Mode tok/s img/s Description
Layout + OCR 5,825 2.9 Full pipeline: layout detection → crop →
per-region OCR
Plain OCR 6,076 43.7 plain OCR, no layout step

At 0.3B parameters, Falcon OCR is roughly 3x smaller than 0.9B-class OCR VLMs (e.g. PaddleOCR VL), which translates directly into higher serving throughput at competitive accuracy.

Limitations

  • Old scans and tiny text: heavily degraded scans and very small glyphs remain challenging. These cases often need higher effective resolution and better coverage in the training mixture.
  • Non-unique table representations: visually identical tables can be encoded in structurally different HTML forms, which can affect tree-based metrics.
  • Formula matching sensitivity: LaTeX and Unicode conventions can be penalized differently depending on the benchmark normalization and matching pipeline.

Examples

Handwriting and Real World Images

Tables

Formulas

Complex Layout


vLLM Server

We also provide a Docker-based vLLM-backed inference server that can serve roughly 6000 tokens/second.

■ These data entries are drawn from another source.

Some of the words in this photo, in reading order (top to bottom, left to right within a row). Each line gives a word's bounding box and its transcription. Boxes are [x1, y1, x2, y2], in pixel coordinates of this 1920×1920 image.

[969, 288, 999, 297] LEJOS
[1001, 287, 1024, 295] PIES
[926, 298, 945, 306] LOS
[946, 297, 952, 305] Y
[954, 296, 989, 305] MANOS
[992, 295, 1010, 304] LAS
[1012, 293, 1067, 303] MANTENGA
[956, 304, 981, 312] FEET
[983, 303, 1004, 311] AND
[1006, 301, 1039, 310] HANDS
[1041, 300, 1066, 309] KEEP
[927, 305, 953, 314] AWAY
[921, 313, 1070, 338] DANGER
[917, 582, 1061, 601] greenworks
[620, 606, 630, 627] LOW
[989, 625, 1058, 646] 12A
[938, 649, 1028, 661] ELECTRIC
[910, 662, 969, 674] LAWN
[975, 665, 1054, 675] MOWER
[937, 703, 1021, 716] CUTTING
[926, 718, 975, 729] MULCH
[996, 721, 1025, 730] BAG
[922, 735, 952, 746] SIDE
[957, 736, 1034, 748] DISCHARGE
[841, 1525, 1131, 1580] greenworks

Single Docker image with two services:

Service Default Port Description
vLLM 8000 Falcon-OCR vision-language model (OpenAI-compatible API)
Pipeline 5002 Full document parsing: layout detection → crop → OCR → markdown

The layout model runs inside the pipeline process — it is not a standalone service.

Quick Start

docker run -d --name falcon-ocr \
  --gpus '"device=0,1"' \
  -e EXPOSED_GPU_IDS=0,1 \
  -e VLLM_GPU=0 \
  -e PIPELINE_GPU=1 \
  -e VLLM_GPU_MEM_UTIL=0.90 \
  -p 8000:8000 \
  -p 5002:5002 \
  ghcr.io/tiiuae/falcon-ocr:latest

API

Health Checks

curl http://localhost:8000/health      # vLLM
curl http://localhost:5002/health      # Pipeline

Upload (multipart file upload — images and PDFs)

The easiest way to send files. Supports images and multi-page PDFs:

# Single image
curl -X POST http://localhost:5002/falconocr/upload \
  -F "files=@photo.jpg;type=image/jpeg"
# PDF document
curl -X POST http://localhost:5002/falconocr/upload \
  -F "files=@document.pdf;type=application/pdf"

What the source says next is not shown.